Saturday, October 20, 2012



Remodeling can add value to your home, but more importantly, it can make your home more functional and livable

Two of the most popular remodel jobs are kitchens and bathrooms. Complete renovations in these areas to create rooms of your dream can be expensive.  If you do not have funds for a complete remodel, there is nevertheless work that can be done that would make the areas more usable and comfortable.

For example, would a new vanity sink top and updated light fixtures suffice without replacing an entire cabinet?  Would painting and resurfacing walls help modernize your bathroom? Installing new vinyl or cork flooring can also freshen the area. Adding a recessed cabinet can give much needed storage space.

Be creative and think of main areas that need “fixing.” Repurposing spaces and making more efficient use of your home’s square footage can bring major benefits.  Your kitchen might have enough space to add an island that could be used both for prep work and much needed storage underneath as well as an eating bar on one side. A small food storage pantry might be added with space borrowed from an adjacent room.

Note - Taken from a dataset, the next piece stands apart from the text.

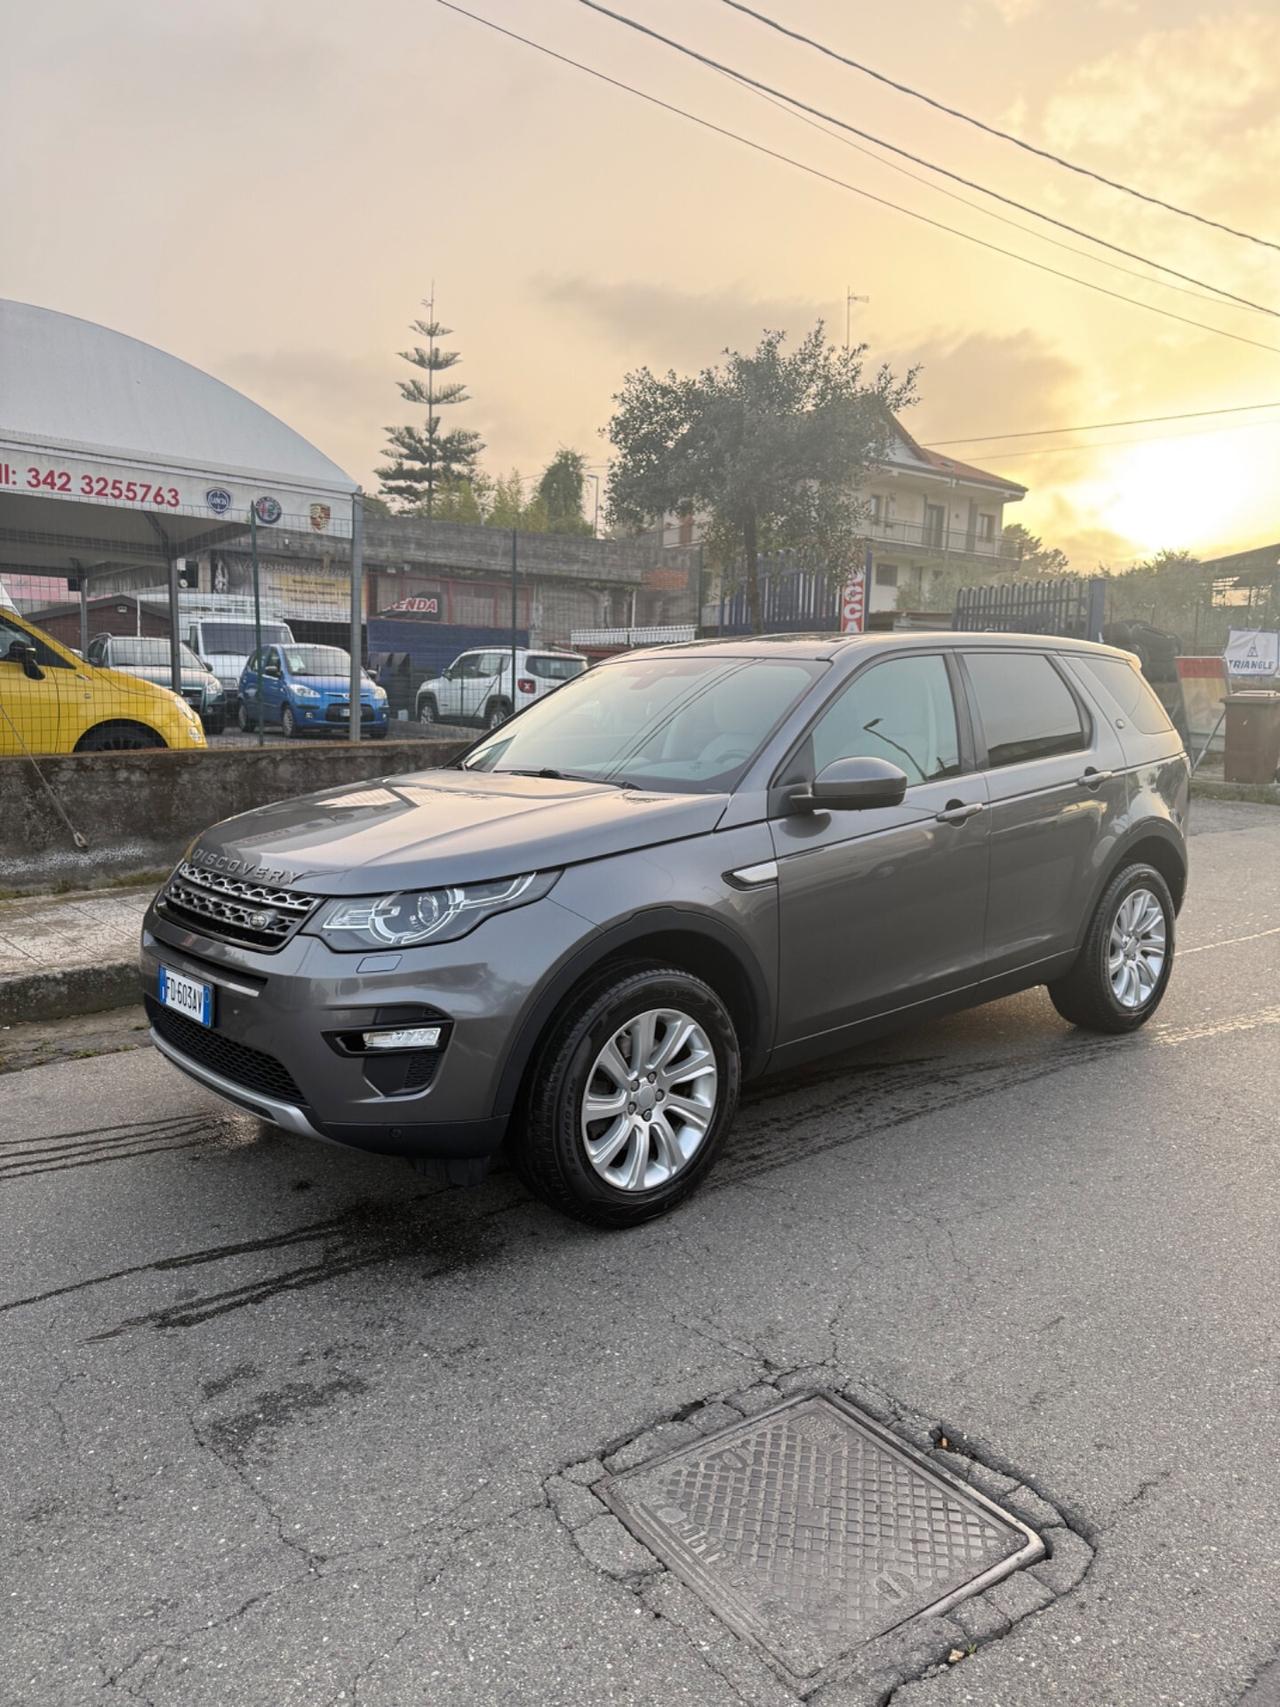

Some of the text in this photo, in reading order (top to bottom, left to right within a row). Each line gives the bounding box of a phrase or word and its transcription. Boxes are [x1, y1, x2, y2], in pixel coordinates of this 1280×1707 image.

Work with your certified contractor to plan and design smaller additions and renovations to your existing kitchen and bathrooms that will increase your home’s usability if you can’t fund complete remodels at this time.

Friday, October 12, 2012


Planning a new home in Florida should always include consideration of outdoor living spaces.  These spaces could include decks, porches, pavilions, pergolas, gazebos, or covered patios.  Our wonderful climate encourages Floridians to take advantage of their gardens and lawns for expanded living spaces. 

Homeowners can think ahead of how they plan to utilize their living areas.  Before construction begins is the time to consider all outdoor options that are easy enough to add onto existing house blueprints.  Our Sunshine State offers the perfect combination of winter and summer weather to take advantage of making the entire grounds into extended living areas.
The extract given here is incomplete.